## [Problem to solve]
Write all entries out exactly, images excluded.

## [Task inputs]
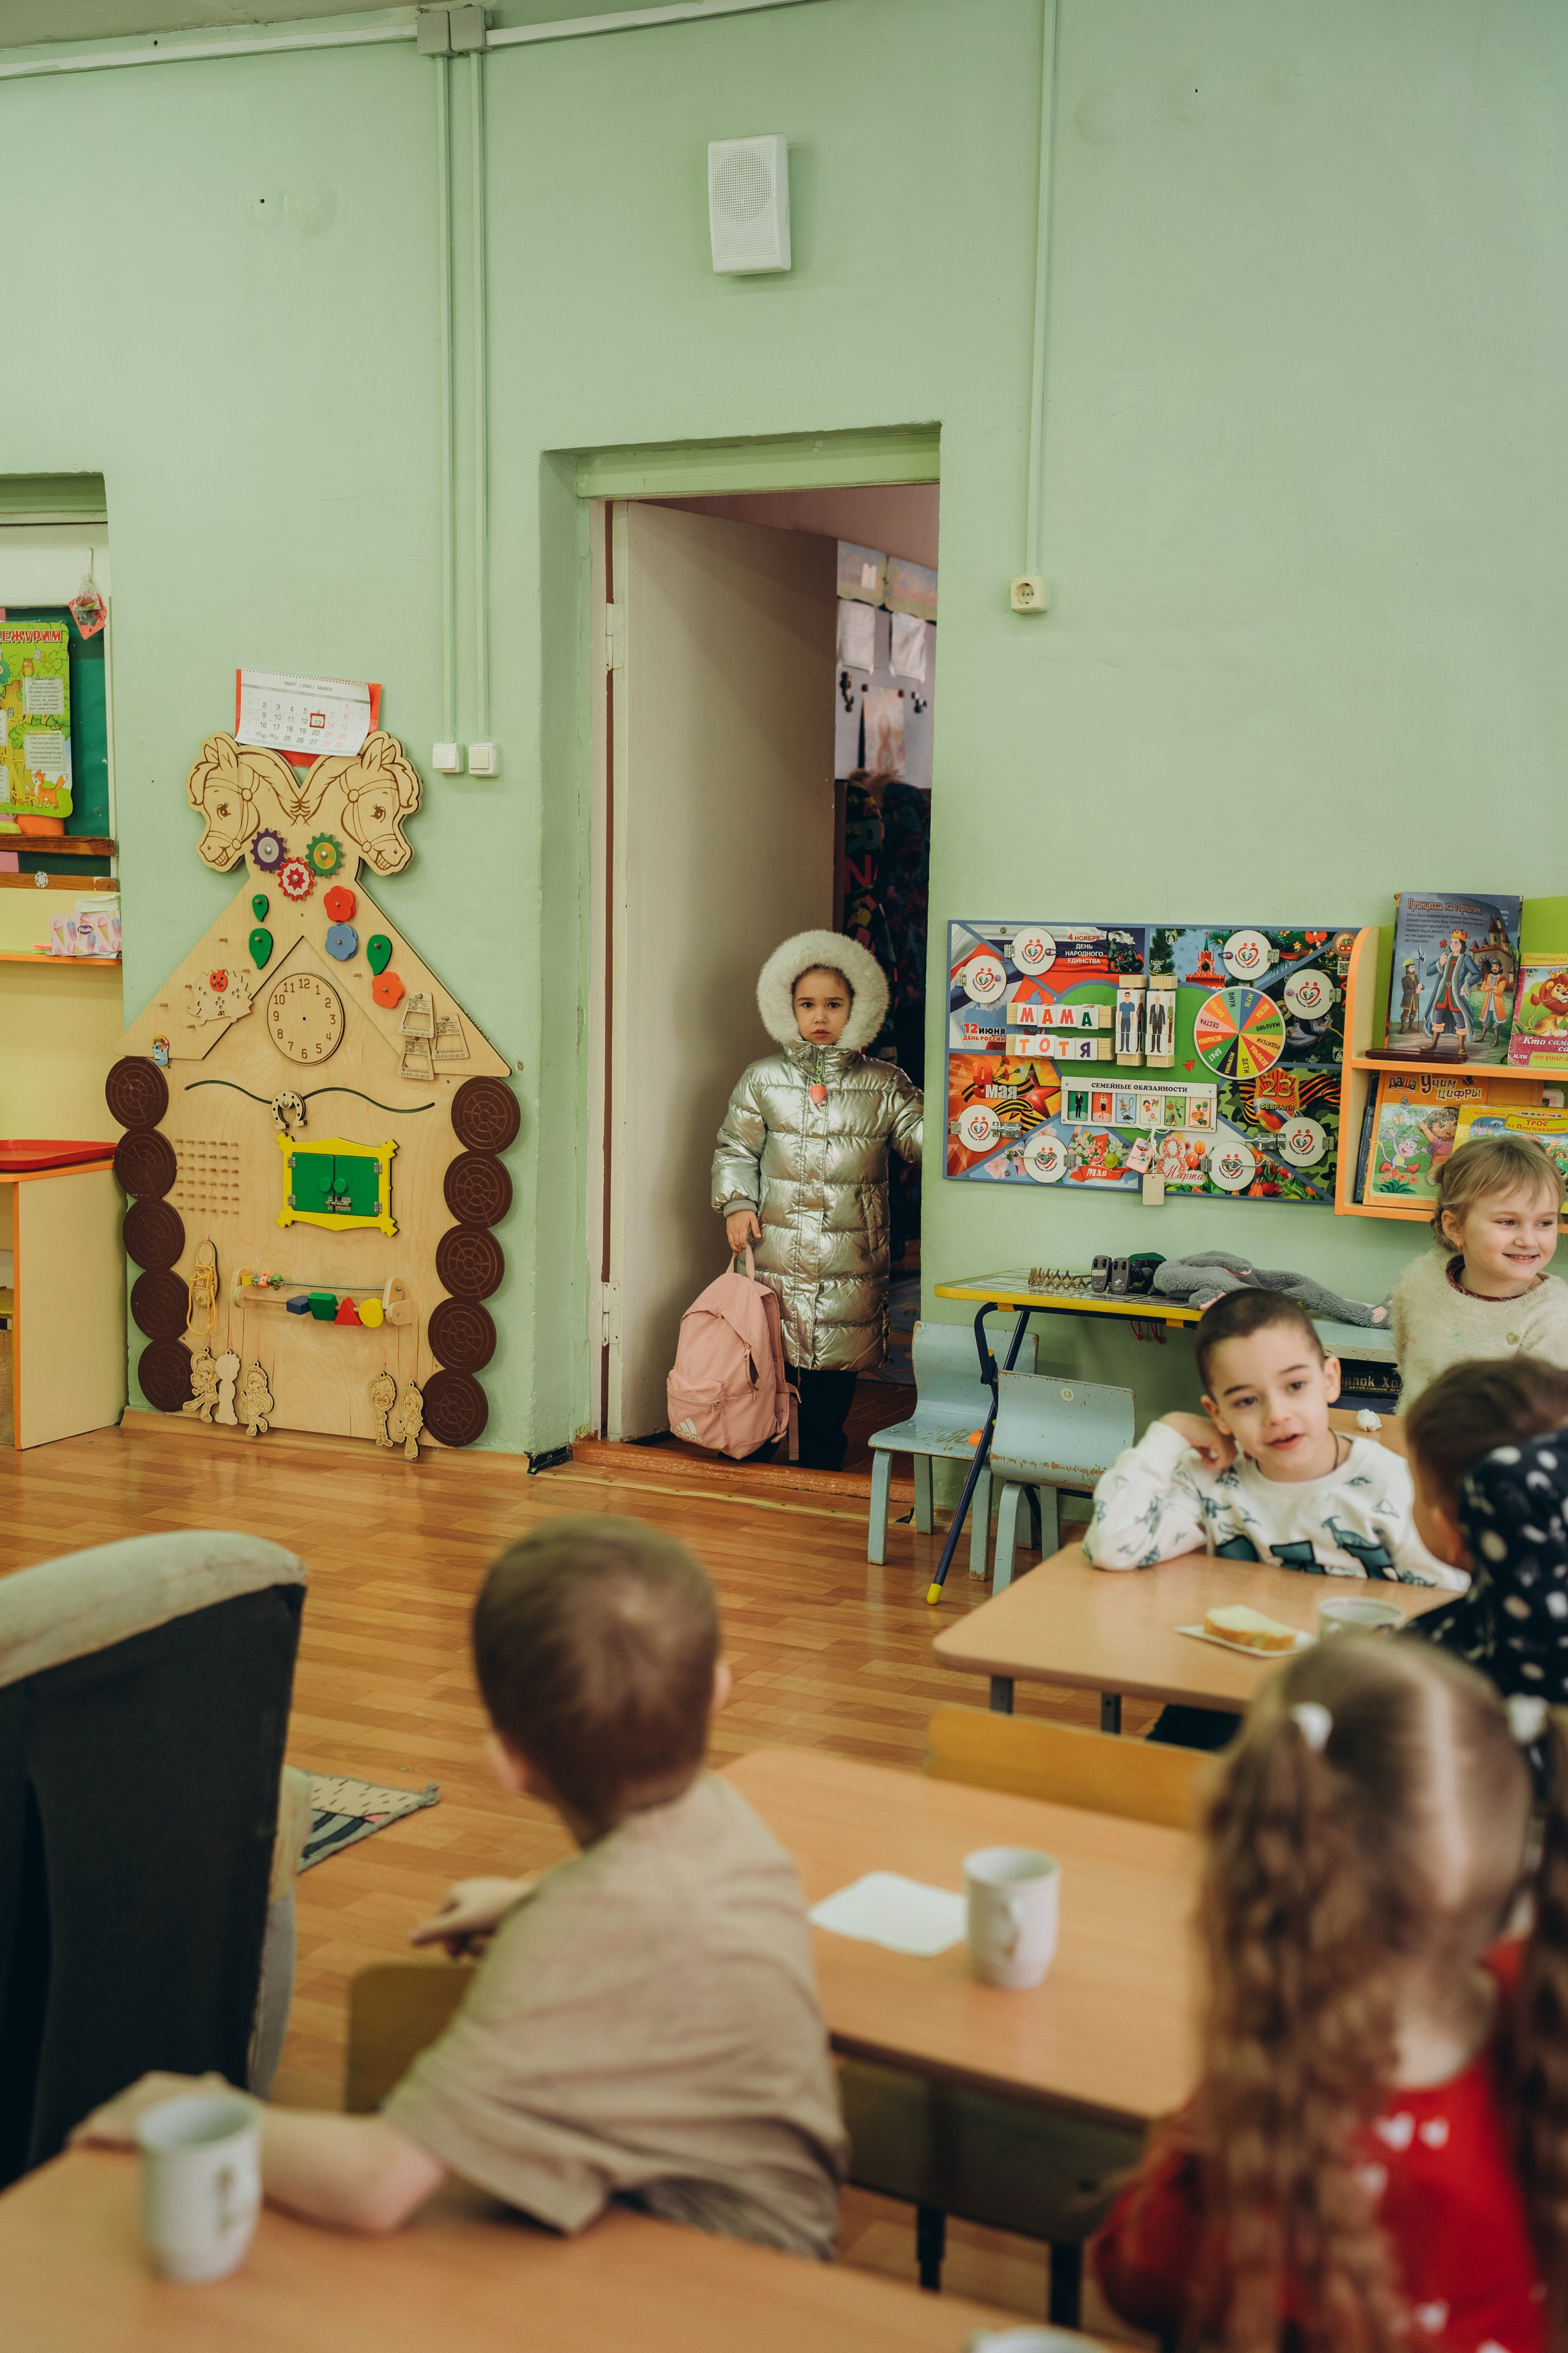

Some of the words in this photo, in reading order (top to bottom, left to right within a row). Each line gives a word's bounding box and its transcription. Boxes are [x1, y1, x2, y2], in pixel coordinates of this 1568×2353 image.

[0, 630, 62, 643] ЕЖУРИМ
[1408, 898, 1443, 912] Принцесса
[1455, 903, 1482, 915] горошине
[284, 983, 295, 992] 11
[299, 978, 310, 989] 12
[315, 984, 320, 995] 1
[274, 994, 285, 1005] 10
[325, 997, 331, 1008] 2
[1245, 993, 1254, 1008] МУЖ
[1210, 1000, 1225, 1018] ВНУЧКА
[1255, 1003, 1270, 1018] ЖЕНА
[274, 1011, 279, 1021] 9
[330, 1014, 336, 1024] 3
[1020, 1007, 1093, 1027] МАМА
[963, 1024, 978, 1033] 12
[1200, 1018, 1219, 1029] СЕСТРА
[1256, 1021, 1280, 1032] МАЛЬЧИК
[277, 1029, 283, 1039] 8
[326, 1032, 331, 1041] 4
[1198, 1035, 1222, 1044] ЖЕНЩИНА
[288, 1041, 293, 1051] 7
[1257, 1038, 1281, 1049] РОДИТЕЛИ
[1523, 1037, 1545, 1045] Кто
[316, 1043, 322, 1054] 5
[1019, 1038, 1090, 1058] ТОТЯ
[301, 1049, 307, 1059] 6
[1208, 1048, 1222, 1062] БРАТ
[1250, 1045, 1268, 1067] ДЕВОЧКА
[1224, 1052, 1235, 1074] МУЖЧИНА
[973, 1062, 993, 1098] 9
[1134, 1083, 1188, 1093] ОБЯЗАННОСТИ
[1262, 1078, 1292, 1097] 23
[1163, 1164, 1204, 1183] Марта
[674, 1429, 703, 1443] adidas
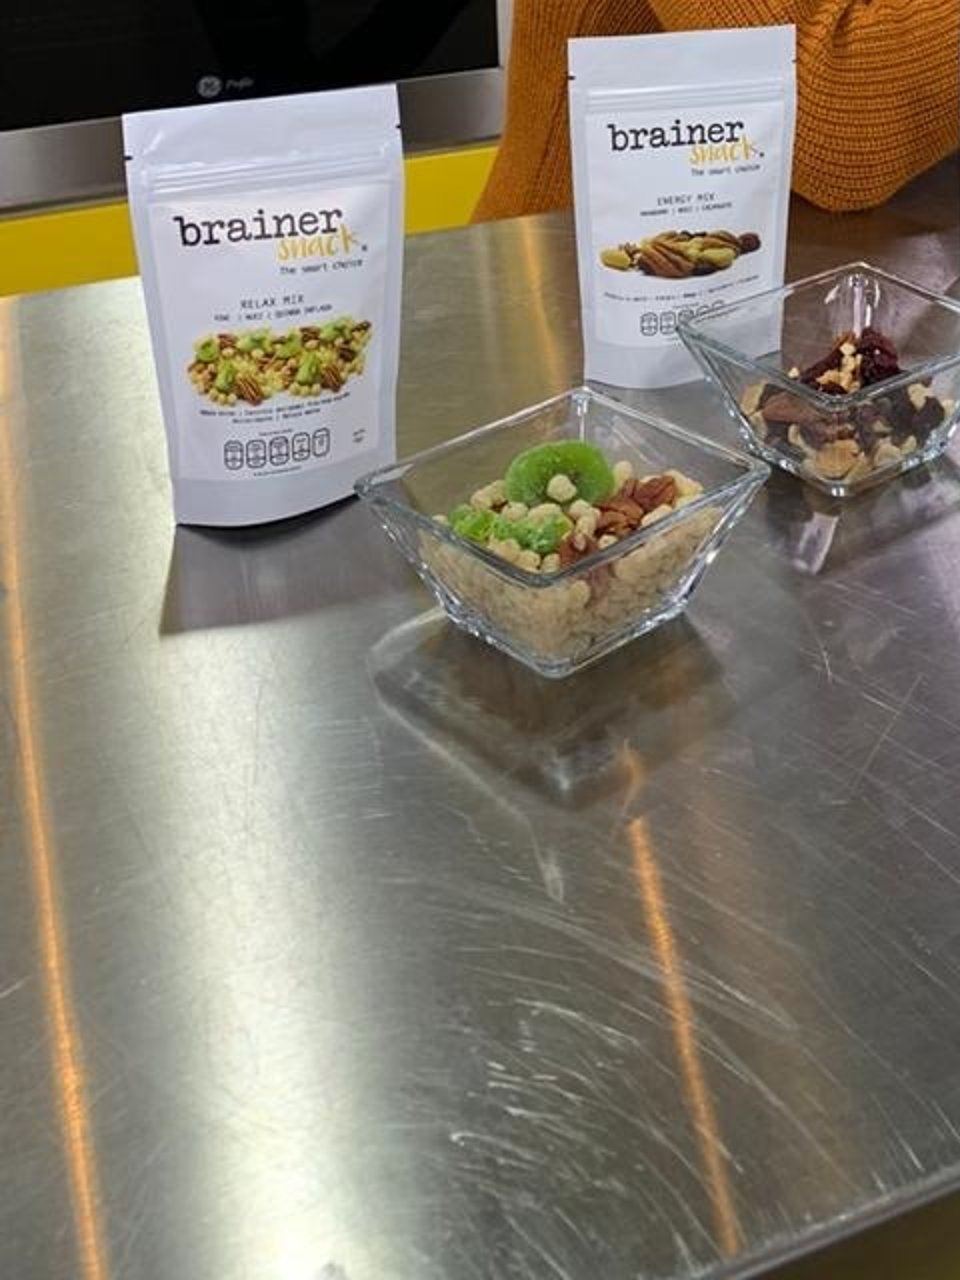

## [Answer for the task]
Some of the words in this photo, in reading order (top to bottom, left to right within a row). Each line gives a word's bounding box and its transcription. Boxes are [x1, y1, x2, y2], in pixel coordinates of this 1568×2353 image.

[0, 630, 62, 643] ЕЖУРИМ
[1408, 898, 1443, 912] Принцесса
[1455, 903, 1482, 915] горошине
[284, 983, 295, 992] 11
[299, 978, 310, 989] 12
[315, 984, 320, 995] 1
[274, 994, 285, 1005] 10
[325, 997, 331, 1008] 2
[1245, 993, 1254, 1008] МУЖ
[1210, 1000, 1225, 1018] ВНУЧКА
[1255, 1003, 1270, 1018] ЖЕНА
[274, 1011, 279, 1021] 9
[330, 1014, 336, 1024] 3
[1020, 1007, 1093, 1027] МАМА
[963, 1024, 978, 1033] 12
[1200, 1018, 1219, 1029] СЕСТРА
[1256, 1021, 1280, 1032] МАЛЬЧИК
[277, 1029, 283, 1039] 8
[326, 1032, 331, 1041] 4
[1198, 1035, 1222, 1044] ЖЕНЩИНА
[288, 1041, 293, 1051] 7
[1257, 1038, 1281, 1049] РОДИТЕЛИ
[1523, 1037, 1545, 1045] Кто
[316, 1043, 322, 1054] 5
[1019, 1038, 1090, 1058] ТОТЯ
[301, 1049, 307, 1059] 6
[1208, 1048, 1222, 1062] БРАТ
[1250, 1045, 1268, 1067] ДЕВОЧКА
[1224, 1052, 1235, 1074] МУЖЧИНА
[973, 1062, 993, 1098] 9
[1134, 1083, 1188, 1093] ОБЯЗАННОСТИ
[1262, 1078, 1292, 1097] 23
[1163, 1164, 1204, 1183] Марта
[674, 1429, 703, 1443] adidas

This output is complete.